According to a study by the Brussels-based EuroMed Rights network, published Wednesday, Egyptian authorities are unlawfully using the pre-trial detentions against human rights defenders as a punishment for their work, a report said.
The report, authored by Egyptian rights researcher and defender Mina Thabet, presents five case studies of human rights defenders (HRD) who have been victims of pre-trial detention since 2016.
In all five cases, lawyers of the detainees said that their detention lacks two conditions for pre-trial detention as stipulated in Egyptian law: no credible evidence has been presented to prove the “terrorism” accusations against them, and all of them have known addresses in Egypt.
“The fact that none of the HRDs examined in this study were presented with credible evidence to justify their detention is a clear illustration of the way the Egyptian regime exploits its legal framework and security concerns to serve illegal practices,” the report said.
The report added that pre-trial detention is used as a tool to crack down on human rights and punish advocates.
In addition to deprivation of liberty, human rights defenders also suffer torture and medical neglect and are often denied basic human rights such as water, sunlight and ventilation in their cells.
Those who are released are often subjected to parole measures such as spending every night in a police station or facing renewed charges that would put them back in prison, the report adds.
Mohamed el-Baqer, a human rights lawyer, was arrested in September and accused of the same charges brought against his client Alaa Abdel Fattah, including membership and funding of a terrorist group.
He has been held in pre-trial detention since then.
On his first day in prison, according to the report, he was blindfolded, stripped down to his underwear and subjected to verbal abuse.
He is held in the notorious Scorpion Prison, in a shared cell with three other people, and his cell has no bed, mattress or pillows. He is denied access to books, magazines or newspapers and is not permitted to leave his cell. His lawyer’s requests for urgent medical checks have been denied by the prison administration, the report added.
Mahienour el-Masry, another case mentioned in the report, is a human rights lawyer and award-winning women’s rights defender.
Similar to Baqer, Masry was arrested after attending investigations with one of her clients in September 2019.

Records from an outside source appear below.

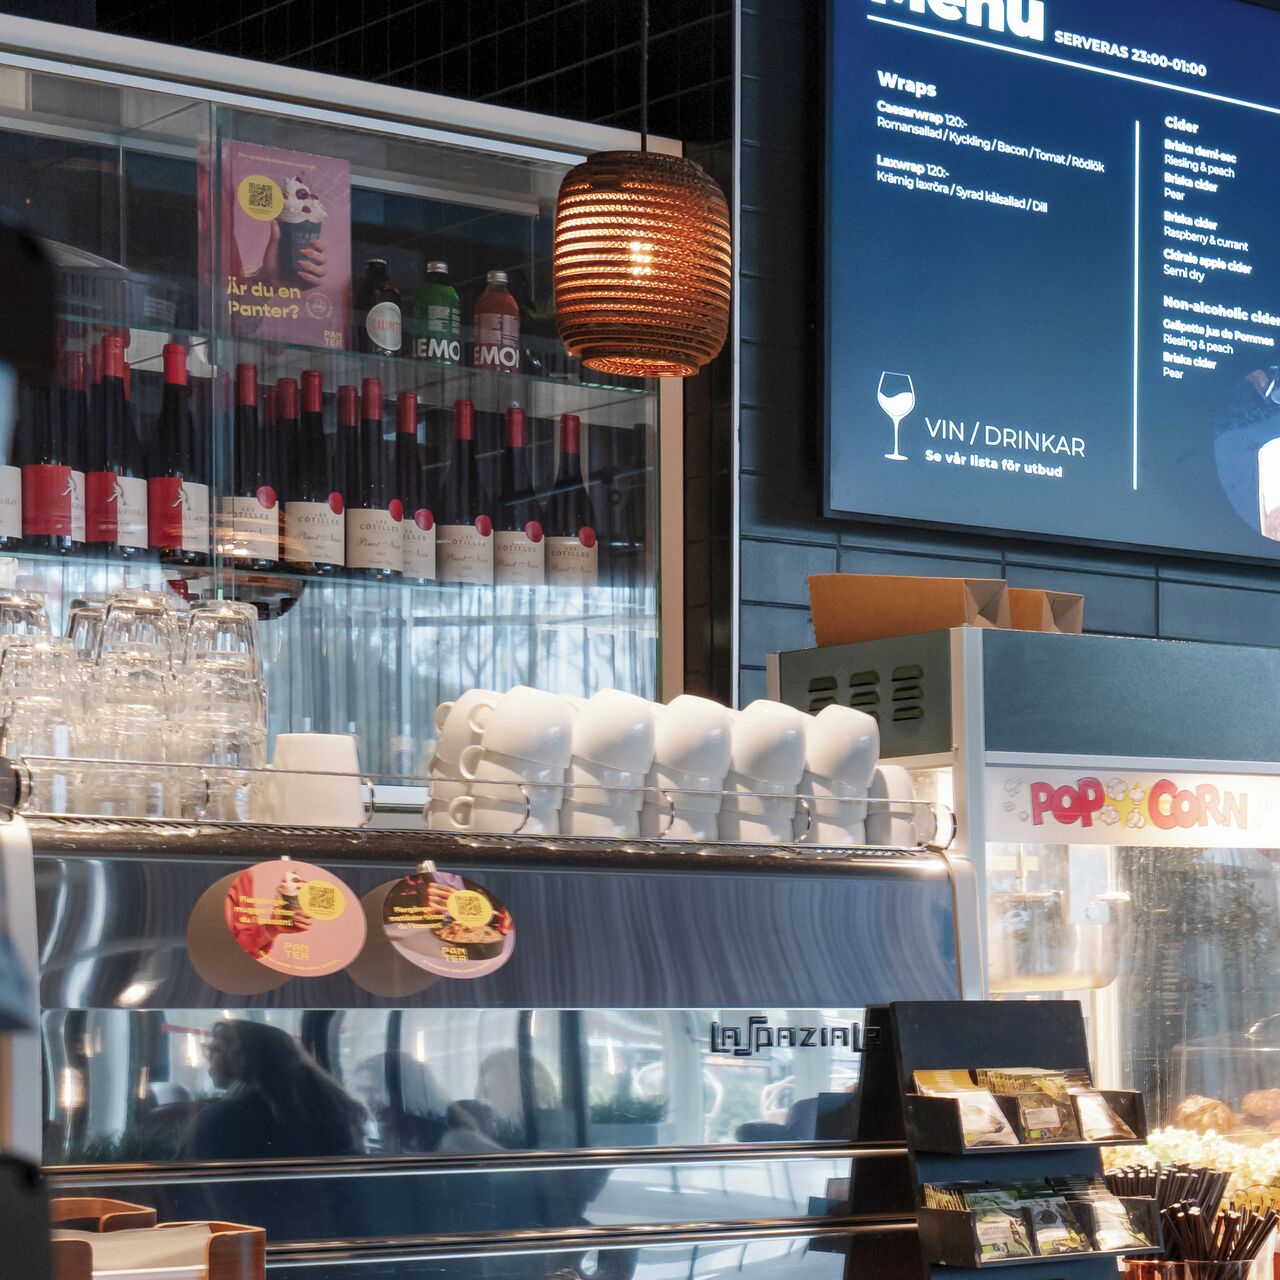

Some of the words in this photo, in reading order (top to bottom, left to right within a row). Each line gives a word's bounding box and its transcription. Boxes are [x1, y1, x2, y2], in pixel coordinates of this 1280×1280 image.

[871, 0, 1044, 41] enu
[1055, 30, 1129, 59] SERVERAS
[1131, 48, 1207, 77] 23:00-01:00
[878, 71, 936, 98] Wraps
[1165, 117, 1199, 133] Cider
[878, 116, 942, 139] Romansallad
[950, 131, 992, 151] Kyckling
[998, 141, 1028, 156] Bacon
[1034, 149, 1065, 164] Tomat
[1072, 157, 1104, 172] Rödlök
[1165, 154, 1199, 172] Riesling
[1208, 166, 1235, 178] peach
[877, 171, 914, 189] Krämig
[916, 178, 949, 194] laxröra
[956, 186, 983, 200] Syrad
[985, 191, 1025, 208] kålsallad
[1033, 202, 1047, 212] Dill
[1165, 187, 1185, 200] Pear
[1164, 226, 1208, 245] Raspberry
[1217, 238, 1248, 251] currant
[1164, 264, 1187, 278] Semi
[1189, 269, 1205, 283] dry
[226, 276, 247, 296] Är
[251, 281, 273, 297] du
[278, 287, 301, 298] en
[228, 300, 299, 319] Panter?
[1164, 296, 1248, 320] Non-alcoholic
[1164, 334, 1197, 350] Riesling
[1207, 343, 1233, 354] peach
[1163, 367, 1183, 378] Pear
[925, 417, 965, 442] VIN
[985, 425, 1085, 458] DRINKAR
[925, 450, 942, 462] Se
[945, 451, 966, 466] vår
[970, 454, 998, 470] lista
[1001, 458, 1021, 473] för
[1024, 462, 1062, 478] utbud
[1030, 777, 1105, 827] POP
[1147, 779, 1248, 829] CORN

She has since been held in pre-trial detention in Al-Qanater women’s prison and accused of participation in a terrorist organisation, disseminating false news, and using social media to publish rumours.
The third case cited in the report is that of human rights lawyer Ibrahim Metwally, whose work had focused on cases of enforced disappearance in Egypt.
Throughout his work, he succeeded to oblige the Ministry of Interior to reveal the whereabouts of several victims of enforced disappearance, including his own 22-year-old son.
Metwally is currently in pre-trial detention on charges of membership and financing of a terrorist group.
He has complained of torture and medical negligence in jail since his detention in 2017.
“He said that officers stripped him of his clothes, filmed him naked, poured cold water on his body and subjected him to electric shocks in several parts of his body including his genitals,” the report said.
Amal Fathy, a women’s rights advocate, was arrested in May 2018 after posting a Facebook video criticising the Egyptian government’s inaction about sexual harassment.
She remained in pre-trial detention until December of the same year. The poor circumstances of her detention have led to severe mental distress and paralysis in one leg, according to the report.
The fifth case is that of Haytham Mohammadeen, a workers rights advocate, who has been in pre-trial detention since May 2019 on charges of aiding a terrorist group and spreading false news.
The government of President Sisi has often denied holding political prisoners and has justified its crackdown on critics as part of its war on terror.
Rights groups, however, say that at least 60,000 political prisoners languish in Egyptian jails.